Transcribe every record verbatim; no pictures.

§ **Provided entries**
>>>

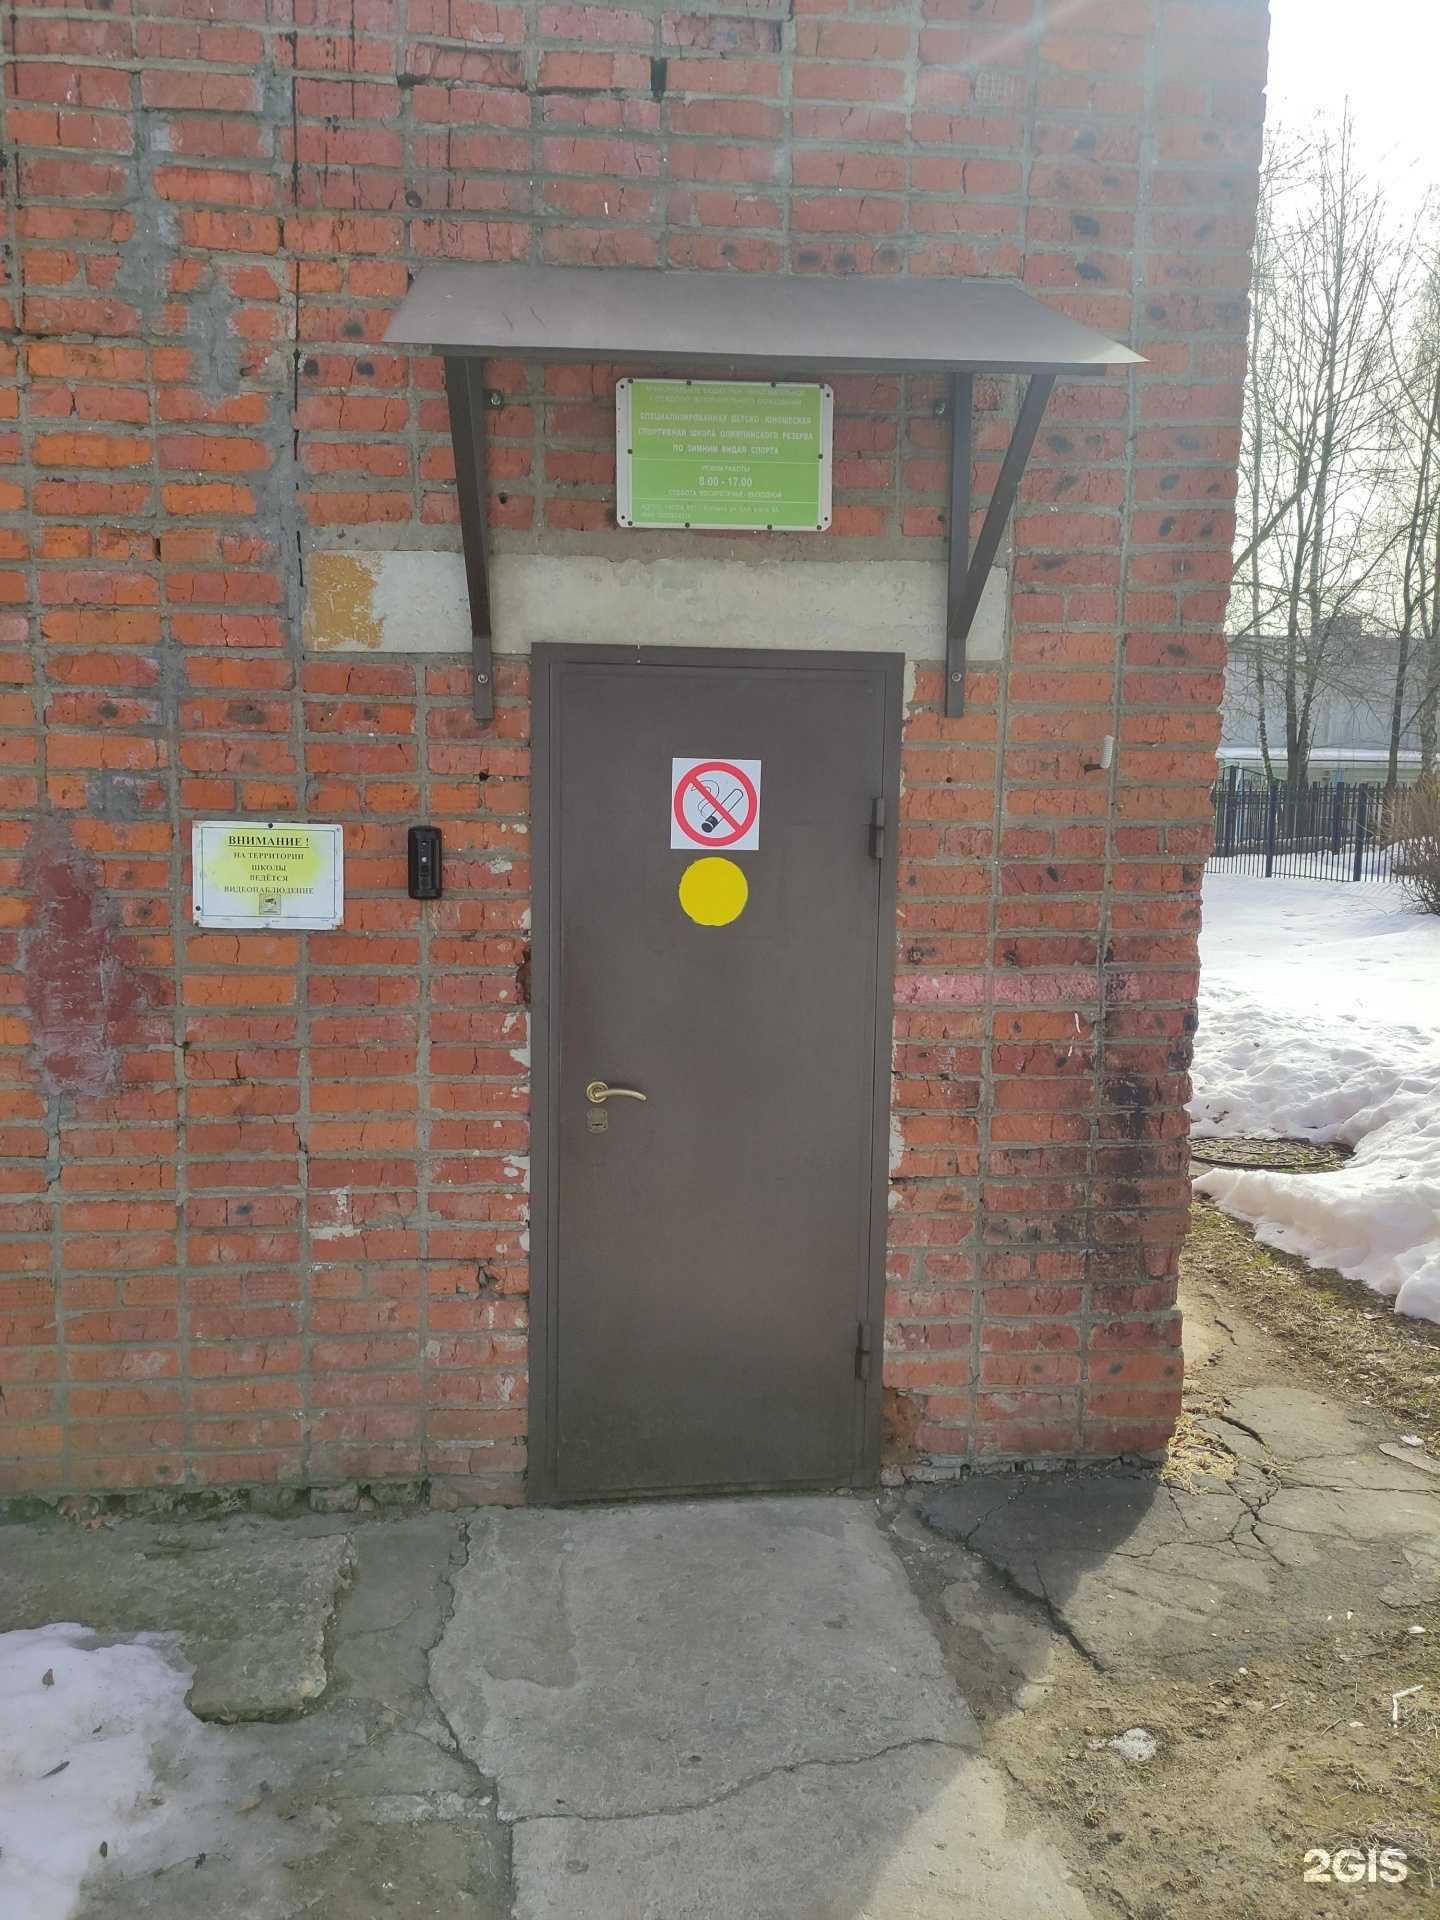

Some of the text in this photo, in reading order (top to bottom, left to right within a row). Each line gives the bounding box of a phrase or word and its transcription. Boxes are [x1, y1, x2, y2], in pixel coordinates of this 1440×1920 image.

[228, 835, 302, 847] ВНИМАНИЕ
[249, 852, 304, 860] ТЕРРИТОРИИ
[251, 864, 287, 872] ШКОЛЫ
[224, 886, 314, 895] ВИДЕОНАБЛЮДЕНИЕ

<<<

§ **Written solution**
Some of the text in this photo, in reading order (top to bottom, left to right within a row). Each line gives the bounding box of a phrase or word and its transcription. Boxes are [x1, y1, x2, y2], in pixel coordinates of this 1440×1920 image.

[228, 835, 302, 847] ВНИМАНИЕ
[249, 852, 304, 860] ТЕРРИТОРИИ
[251, 864, 287, 872] ШКОЛЫ
[224, 886, 314, 895] ВИДЕОНАБЛЮДЕНИЕ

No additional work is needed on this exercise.